Records from a data collection

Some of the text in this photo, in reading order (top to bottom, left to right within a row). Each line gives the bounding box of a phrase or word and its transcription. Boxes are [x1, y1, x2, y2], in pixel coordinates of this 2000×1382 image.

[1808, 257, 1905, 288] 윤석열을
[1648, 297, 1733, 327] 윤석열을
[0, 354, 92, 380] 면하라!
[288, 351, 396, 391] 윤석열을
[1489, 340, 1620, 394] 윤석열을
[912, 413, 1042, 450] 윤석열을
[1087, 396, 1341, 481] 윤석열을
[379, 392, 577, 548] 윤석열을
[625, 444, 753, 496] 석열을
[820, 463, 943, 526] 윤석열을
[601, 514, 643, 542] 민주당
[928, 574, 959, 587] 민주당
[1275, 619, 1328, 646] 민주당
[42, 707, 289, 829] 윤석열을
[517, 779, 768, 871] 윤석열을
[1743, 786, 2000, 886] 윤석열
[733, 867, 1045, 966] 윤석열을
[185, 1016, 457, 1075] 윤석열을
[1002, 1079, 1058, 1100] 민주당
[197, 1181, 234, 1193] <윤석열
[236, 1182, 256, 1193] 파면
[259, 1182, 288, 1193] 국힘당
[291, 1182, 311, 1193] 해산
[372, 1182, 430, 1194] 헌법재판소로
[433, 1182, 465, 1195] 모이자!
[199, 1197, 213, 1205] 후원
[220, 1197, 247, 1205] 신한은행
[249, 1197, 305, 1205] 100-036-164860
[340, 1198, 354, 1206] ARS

> [Exercise aim]
The data is to be reproduced in full, every line intact.

> [Solved exercise]
Some of the text in this photo, in reading order (top to bottom, left to right within a row). Each line gives the bounding box of a phrase or word and its transcription. Boxes are [x1, y1, x2, y2], in pixel coordinates of this 2000×1382 image.

[1808, 257, 1905, 288] 윤석열을
[1648, 297, 1733, 327] 윤석열을
[0, 354, 92, 380] 면하라!
[288, 351, 396, 391] 윤석열을
[1489, 340, 1620, 394] 윤석열을
[912, 413, 1042, 450] 윤석열을
[1087, 396, 1341, 481] 윤석열을
[379, 392, 577, 548] 윤석열을
[625, 444, 753, 496] 석열을
[820, 463, 943, 526] 윤석열을
[601, 514, 643, 542] 민주당
[928, 574, 959, 587] 민주당
[1275, 619, 1328, 646] 민주당
[42, 707, 289, 829] 윤석열을
[517, 779, 768, 871] 윤석열을
[1743, 786, 2000, 886] 윤석열
[733, 867, 1045, 966] 윤석열을
[185, 1016, 457, 1075] 윤석열을
[1002, 1079, 1058, 1100] 민주당
[197, 1181, 234, 1193] <윤석열
[236, 1182, 256, 1193] 파면
[259, 1182, 288, 1193] 국힘당
[291, 1182, 311, 1193] 해산
[372, 1182, 430, 1194] 헌법재판소로
[433, 1182, 465, 1195] 모이자!
[199, 1197, 213, 1205] 후원
[220, 1197, 247, 1205] 신한은행
[249, 1197, 305, 1205] 100-036-164860
[340, 1198, 354, 1206] ARS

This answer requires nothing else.